**WORK INSTRUCTION:** Leaving the images aside, print every record in the material exactly.
-- -- --
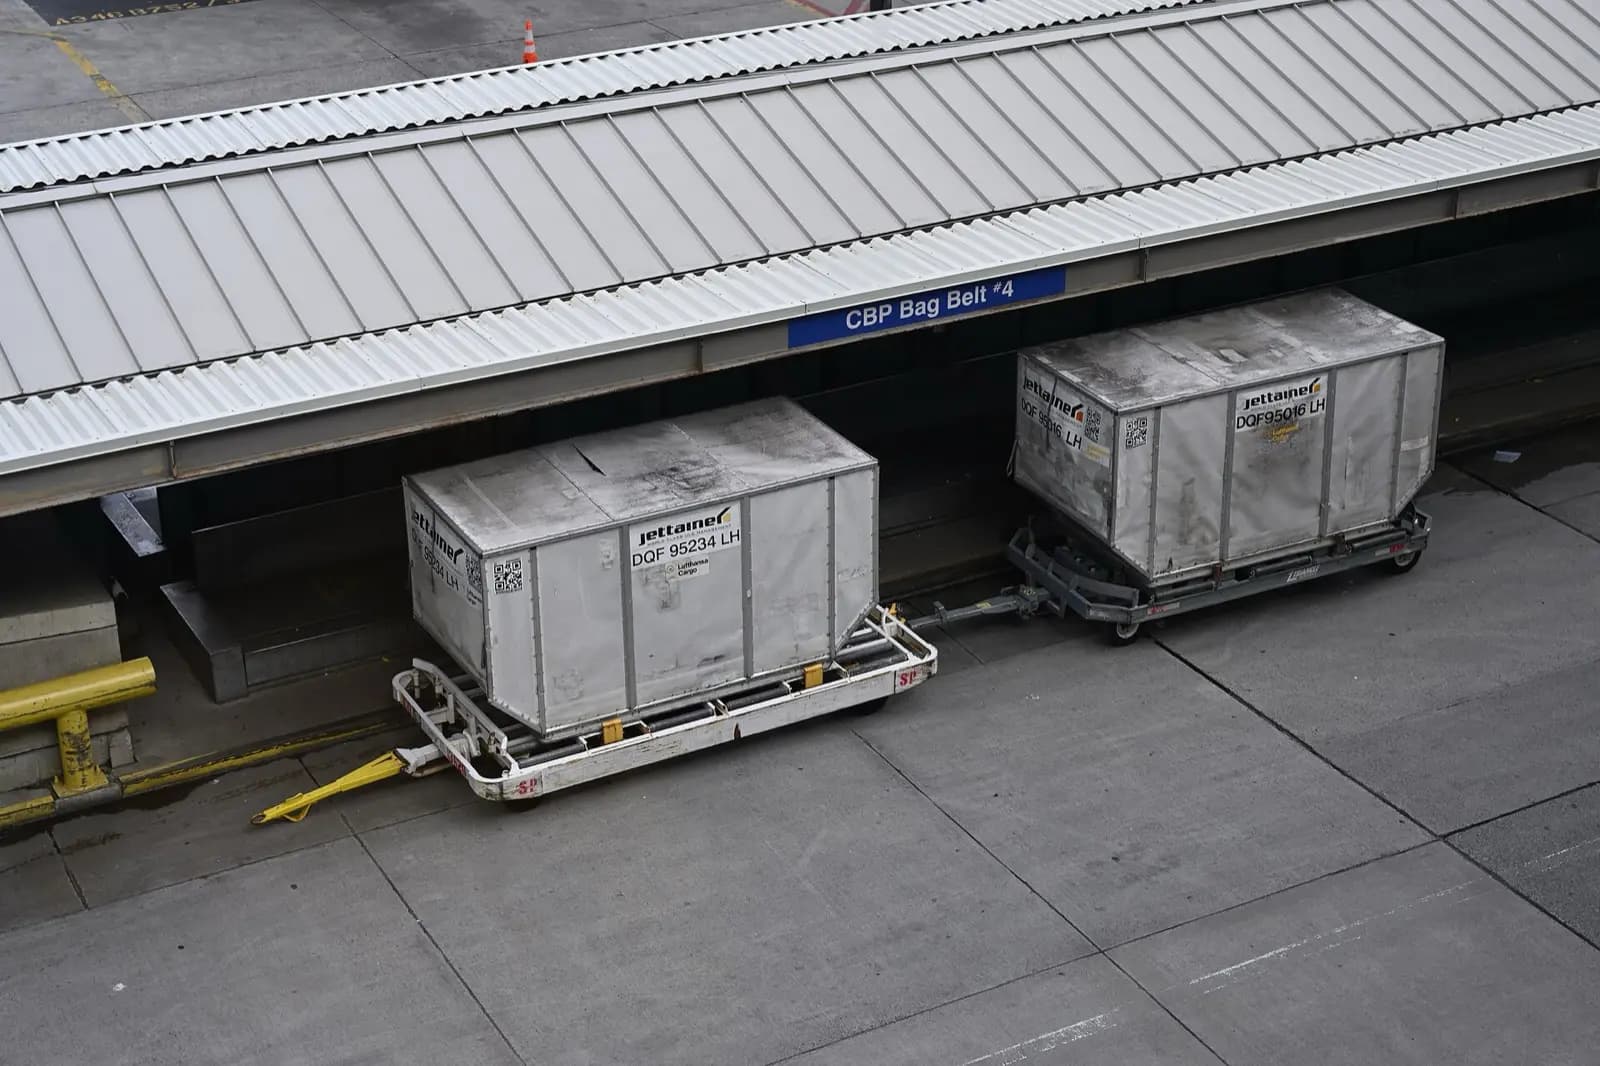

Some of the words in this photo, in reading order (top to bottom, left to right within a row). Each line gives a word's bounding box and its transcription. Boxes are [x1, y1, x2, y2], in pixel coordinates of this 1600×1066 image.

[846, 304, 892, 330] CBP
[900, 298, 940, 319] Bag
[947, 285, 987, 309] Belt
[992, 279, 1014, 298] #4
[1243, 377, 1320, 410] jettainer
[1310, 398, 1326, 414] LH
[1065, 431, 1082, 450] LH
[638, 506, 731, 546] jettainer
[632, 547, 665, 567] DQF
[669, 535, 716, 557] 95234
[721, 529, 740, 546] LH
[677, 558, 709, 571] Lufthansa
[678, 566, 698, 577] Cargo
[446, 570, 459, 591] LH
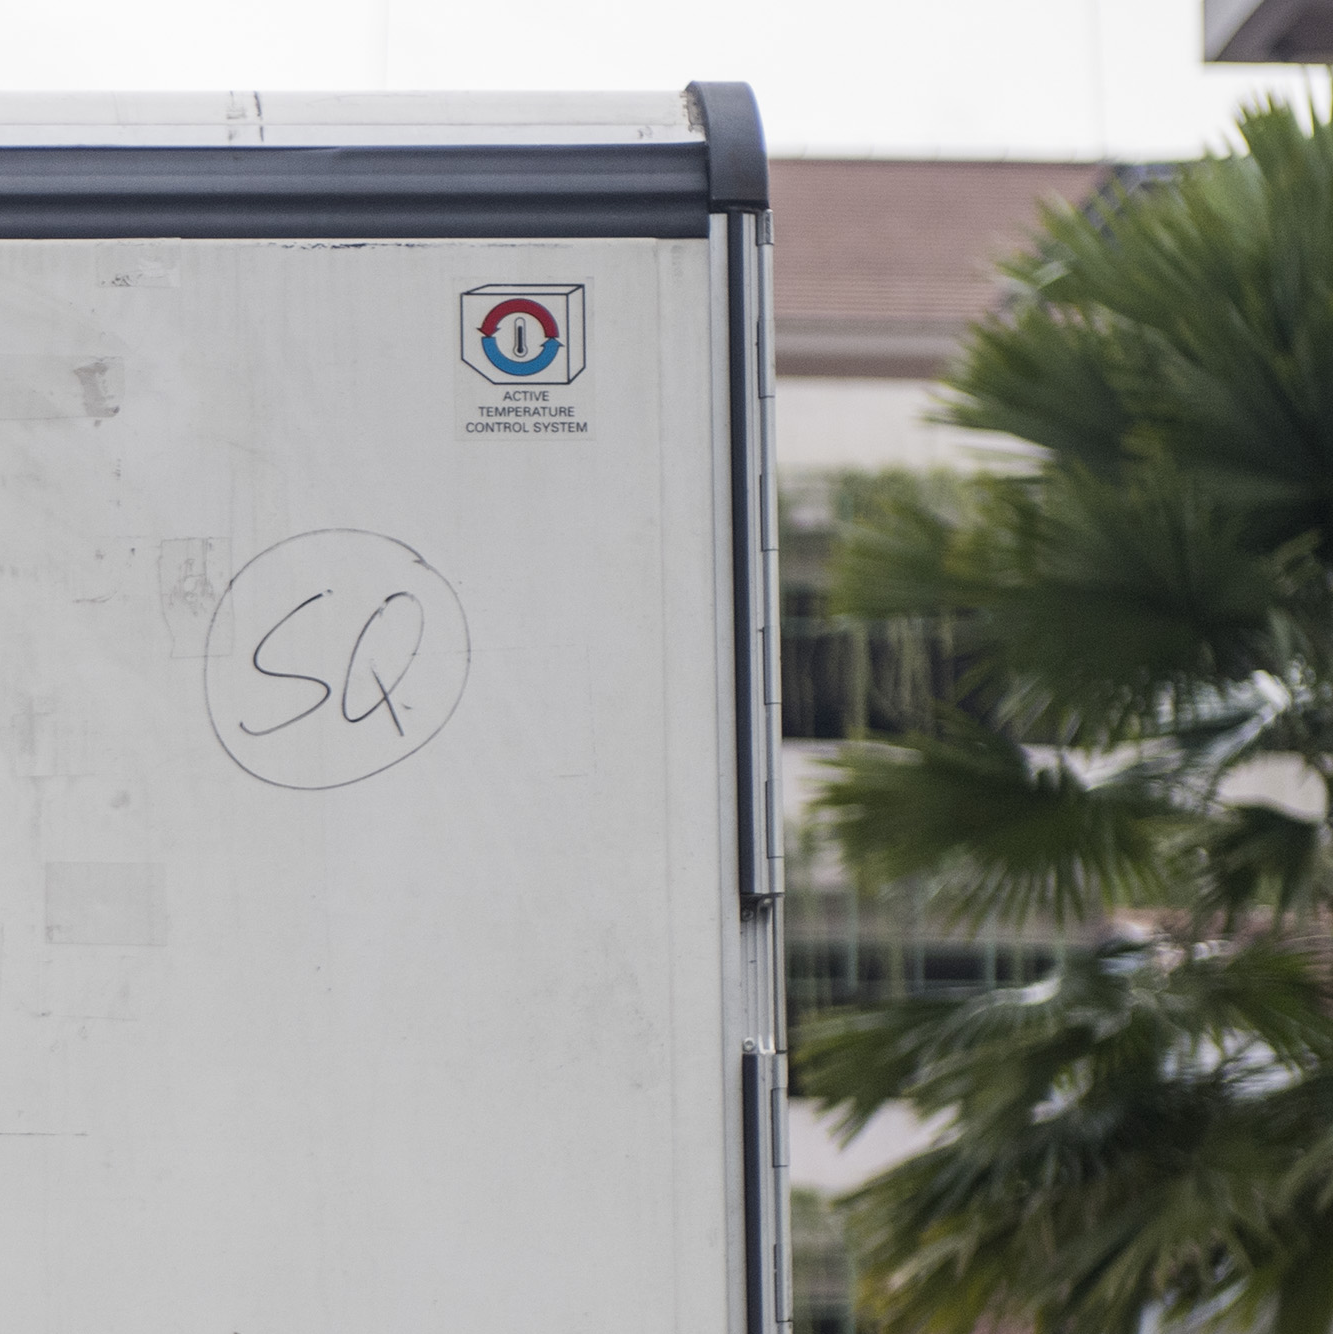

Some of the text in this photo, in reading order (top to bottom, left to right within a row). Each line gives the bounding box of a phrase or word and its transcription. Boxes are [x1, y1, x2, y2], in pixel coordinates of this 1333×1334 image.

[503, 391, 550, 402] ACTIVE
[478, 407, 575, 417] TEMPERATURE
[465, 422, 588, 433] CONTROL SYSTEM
-- -- --
**YOUR SOLUTION:**
Some of the words in this photo, in reading order (top to bottom, left to right within a row). Each line gives a word's bounding box and its transcription. Boxes are [x1, y1, x2, y2], in pixel coordinates of this 1600×1066 image.

[846, 304, 892, 330] CBP
[900, 298, 940, 319] Bag
[947, 285, 987, 309] Belt
[992, 279, 1014, 298] #4
[1243, 377, 1320, 410] jettainer
[1310, 398, 1326, 414] LH
[1065, 431, 1082, 450] LH
[638, 506, 731, 546] jettainer
[632, 547, 665, 567] DQF
[669, 535, 716, 557] 95234
[721, 529, 740, 546] LH
[677, 558, 709, 571] Lufthansa
[678, 566, 698, 577] Cargo
[446, 570, 459, 591] LH

Some of the text in this photo, in reading order (top to bottom, left to right within a row). Each line gives the bounding box of a phrase or word and its transcription. Boxes are [x1, y1, x2, y2], in pixel coordinates of this 1333×1334 image.

[503, 391, 550, 402] ACTIVE
[478, 407, 575, 417] TEMPERATURE
[465, 422, 588, 433] CONTROL SYSTEM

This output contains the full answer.